Las nubes, allá lejanas se veían negras. Aterradoras. Amenazantes. El viento era muy fuerte. Las palmas del techo de la casa, parecía que iban a volar a la nada. ¡Que miedo teníamos! Cuanta incertidumbre. Cuanto temor. Y de pronto, empezó todo. Parecía que las tejas del cielo se abrían y jarros gigantes de barro llenos de agua caían sobre nosotros. Se nos agotaron los rezos. Pero no se nos podía acabar la fe. Mamá Clarita, nos hacía rezar y rezar. Nos iluminaba una pequeña fogata de leña dentro de la casa, y difícilmente podíamos dormir por el ruido de los truenos y los rayos que iluminaban por completo todo alrededor.
Chumbo ,Felipe mi hermano y Papá Andresito, salían de vez en vez por algo de comida. Las gallinas daban pocos huevos y comíamos de lo poco que se encontraba en el monte. Eran pocos los momentos que menguaba la lluvia. Los animales se guarecían donde podían. Pensamos que no acabaría nunca”.
Se incorpora de la mecedora y camina con dificultad dando vueltas al comedor. Sus pasos son lentos. Su mirada ha cambiado. Sonríe un poco. Me mira y me regala una mirada dulce y llena de amor.
“Ustedes no saben lo que es el miedo. No saben lo que es la necesidad. No saben lo que es la angustia de estar en medio de la nada. Ustedes tienen mucha suerte de tener todos esos aparatos que les dicen lo que pasa, a donde ir y dónde buscar ayuda. Nosotros no teníamos nada de lo que hoy existe. Les piden que se guarden 14 días y no pueden. Nosotros estuvimos a la buena de Dios por 10 días sin luz eléctrica, sin agua potable y sin que nadie supiera si estábamos vivos o no. Ay m’ijo, yo ya pasé por el Huracán Hilda, por el terremoto del 85 y del 2017 en la Ciudad de México, me tocó la Segunda Guerra Mundial, el dengue, el paludismo, la encefalitis equina, la influenza, la fiebre porcina y muchas cosas que no recuerdo. Hay que tener fe y mucha paciencia y todo esto va a pasar. El Coronavirus no va a poder más que la humanidad. Y que ya se vaya, porque quiero festejar mis noventa años en julio y este virus no me los va a arruinar. Ya déjame sola que quiero rezar y ya me quiero dormir también”.

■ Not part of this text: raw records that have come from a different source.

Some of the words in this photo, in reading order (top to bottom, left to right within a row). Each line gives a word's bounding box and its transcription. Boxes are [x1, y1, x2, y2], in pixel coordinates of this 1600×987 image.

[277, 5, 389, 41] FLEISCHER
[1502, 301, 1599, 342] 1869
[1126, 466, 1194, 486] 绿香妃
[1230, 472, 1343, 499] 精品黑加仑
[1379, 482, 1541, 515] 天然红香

Cierro la puerta de su habitación y me siento tan desarmado de argumentos, de palabras, de cifras, de estadísticas y de números que ojalá no hubieran existido nunca.
La pandemia está ahí afuera, pero la entereza, la fe, la fortaleza de nuestros ancianos, sigue intacta, y es ahí , donde tenemos que aprender y reabastecernos de confianza para vencer cualquier obstáculo, por duro que éste sea.